Fig. 4: PKM2 acted as a key regulator in TGF-βRII mediating glycolysis in oral CAFs.

A Cytoscape visualization of the protein network in glycolysis with combined analysis of TGF-β and HIF-1α signaling pathways. Protein–protein interaction network and transcriptional factor co-mediating glycolysis and TGF-β signaling pathway were generated by String and visualized by Cytoscape. PKM2 exhibited a closer relationship with the TGF-β signaling pathway than HIF-1α in this network analysis.
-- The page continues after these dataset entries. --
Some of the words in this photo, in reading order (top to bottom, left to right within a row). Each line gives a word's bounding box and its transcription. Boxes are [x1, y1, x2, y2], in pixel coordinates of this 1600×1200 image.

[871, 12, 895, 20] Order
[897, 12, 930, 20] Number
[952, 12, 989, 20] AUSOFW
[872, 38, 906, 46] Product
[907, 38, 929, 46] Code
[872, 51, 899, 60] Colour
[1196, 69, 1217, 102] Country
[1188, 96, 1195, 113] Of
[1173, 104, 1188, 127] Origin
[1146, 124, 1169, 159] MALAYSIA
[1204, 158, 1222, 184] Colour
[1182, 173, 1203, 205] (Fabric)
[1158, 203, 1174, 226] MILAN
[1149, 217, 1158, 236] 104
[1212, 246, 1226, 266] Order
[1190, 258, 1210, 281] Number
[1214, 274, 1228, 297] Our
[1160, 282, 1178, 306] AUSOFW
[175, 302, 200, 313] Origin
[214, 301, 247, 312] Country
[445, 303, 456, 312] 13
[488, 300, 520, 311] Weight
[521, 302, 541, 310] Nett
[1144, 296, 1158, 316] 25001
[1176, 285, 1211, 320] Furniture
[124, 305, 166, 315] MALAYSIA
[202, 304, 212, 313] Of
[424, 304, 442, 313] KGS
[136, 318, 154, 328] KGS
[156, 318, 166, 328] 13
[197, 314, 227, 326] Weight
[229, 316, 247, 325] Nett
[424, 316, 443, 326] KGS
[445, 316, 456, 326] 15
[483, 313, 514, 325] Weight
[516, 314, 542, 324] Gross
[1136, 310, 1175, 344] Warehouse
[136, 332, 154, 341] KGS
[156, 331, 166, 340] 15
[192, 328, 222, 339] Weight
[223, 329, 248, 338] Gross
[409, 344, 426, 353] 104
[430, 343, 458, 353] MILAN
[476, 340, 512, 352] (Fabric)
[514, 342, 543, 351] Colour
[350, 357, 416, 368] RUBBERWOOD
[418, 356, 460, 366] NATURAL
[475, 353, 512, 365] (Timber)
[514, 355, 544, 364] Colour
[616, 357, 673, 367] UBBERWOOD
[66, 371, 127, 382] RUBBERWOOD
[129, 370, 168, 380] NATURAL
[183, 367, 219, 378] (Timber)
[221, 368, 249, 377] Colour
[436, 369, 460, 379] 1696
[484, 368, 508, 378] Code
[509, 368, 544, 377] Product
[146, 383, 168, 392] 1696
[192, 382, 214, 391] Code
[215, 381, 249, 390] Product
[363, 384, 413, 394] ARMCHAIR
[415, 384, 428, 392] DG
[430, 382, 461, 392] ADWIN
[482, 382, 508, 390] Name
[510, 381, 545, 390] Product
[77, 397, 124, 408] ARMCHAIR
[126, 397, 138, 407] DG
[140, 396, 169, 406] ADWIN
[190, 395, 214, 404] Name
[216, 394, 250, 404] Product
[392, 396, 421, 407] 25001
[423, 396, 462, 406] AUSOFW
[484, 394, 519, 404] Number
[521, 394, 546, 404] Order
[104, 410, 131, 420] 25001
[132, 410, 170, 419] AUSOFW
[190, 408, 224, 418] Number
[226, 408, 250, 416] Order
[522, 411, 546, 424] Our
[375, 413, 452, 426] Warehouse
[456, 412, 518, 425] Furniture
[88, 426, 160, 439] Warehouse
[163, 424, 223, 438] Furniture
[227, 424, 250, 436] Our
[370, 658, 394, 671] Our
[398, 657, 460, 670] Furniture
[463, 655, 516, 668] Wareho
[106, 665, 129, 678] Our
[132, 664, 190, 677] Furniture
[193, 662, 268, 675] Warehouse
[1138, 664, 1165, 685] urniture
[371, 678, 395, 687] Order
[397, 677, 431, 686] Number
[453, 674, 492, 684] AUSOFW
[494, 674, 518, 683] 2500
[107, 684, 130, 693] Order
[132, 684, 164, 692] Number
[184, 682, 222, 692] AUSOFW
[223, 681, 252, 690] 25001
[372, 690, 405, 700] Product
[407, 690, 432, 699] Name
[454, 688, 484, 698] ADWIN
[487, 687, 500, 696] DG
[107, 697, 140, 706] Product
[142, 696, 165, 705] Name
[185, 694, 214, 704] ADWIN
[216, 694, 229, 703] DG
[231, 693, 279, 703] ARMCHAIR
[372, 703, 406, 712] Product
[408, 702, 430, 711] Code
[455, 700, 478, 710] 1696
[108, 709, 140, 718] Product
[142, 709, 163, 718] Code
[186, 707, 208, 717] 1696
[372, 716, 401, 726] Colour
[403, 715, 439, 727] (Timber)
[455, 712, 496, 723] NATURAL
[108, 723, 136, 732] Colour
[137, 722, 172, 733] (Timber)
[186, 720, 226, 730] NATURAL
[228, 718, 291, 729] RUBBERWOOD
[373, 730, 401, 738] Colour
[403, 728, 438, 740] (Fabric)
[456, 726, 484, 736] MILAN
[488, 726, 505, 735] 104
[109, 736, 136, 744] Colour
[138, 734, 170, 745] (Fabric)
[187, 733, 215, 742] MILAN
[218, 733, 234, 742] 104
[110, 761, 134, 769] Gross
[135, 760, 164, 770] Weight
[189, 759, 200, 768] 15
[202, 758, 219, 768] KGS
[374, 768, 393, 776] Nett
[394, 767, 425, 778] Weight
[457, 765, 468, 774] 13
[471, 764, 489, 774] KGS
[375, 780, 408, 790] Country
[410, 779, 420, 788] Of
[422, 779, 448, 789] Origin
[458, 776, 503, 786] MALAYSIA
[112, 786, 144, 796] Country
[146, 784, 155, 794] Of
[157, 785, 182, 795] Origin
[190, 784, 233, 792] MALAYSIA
B, C By 2-dimensional electrophoresis (2-DE) staining in proteomics analysis of glycose metabolism, PKM2 was downregulated by the overexpressed TGF-βRII in CAFs (fold change of PKM2 was 2.13021). D, E By western blot (WB), c-Myc, and SP1 were decreased by upregulation of TGF-βRII while SP3 was increased in CAFs^TGF-βRII when compared to CAFs^EV and CAFs, respectively. F, G Immunoblot showed a reduction of phosphorylated Smad2/3 in CAFs^TGF-βRII while no obvious change of total Smad2/3. H–J Immunoblot showed a reduction of phosphorylated P38 and mTOR, however, no obvious difference of total P38, JNK, mTOR, and p-JNK among the groups was observed. The relative protein expression level was quantified after normalization to GAPDH. n = 3 independent experiments; error bars, mean ± SD; n.s. not significant, *P < 0.05, ***P < 0.001; t test.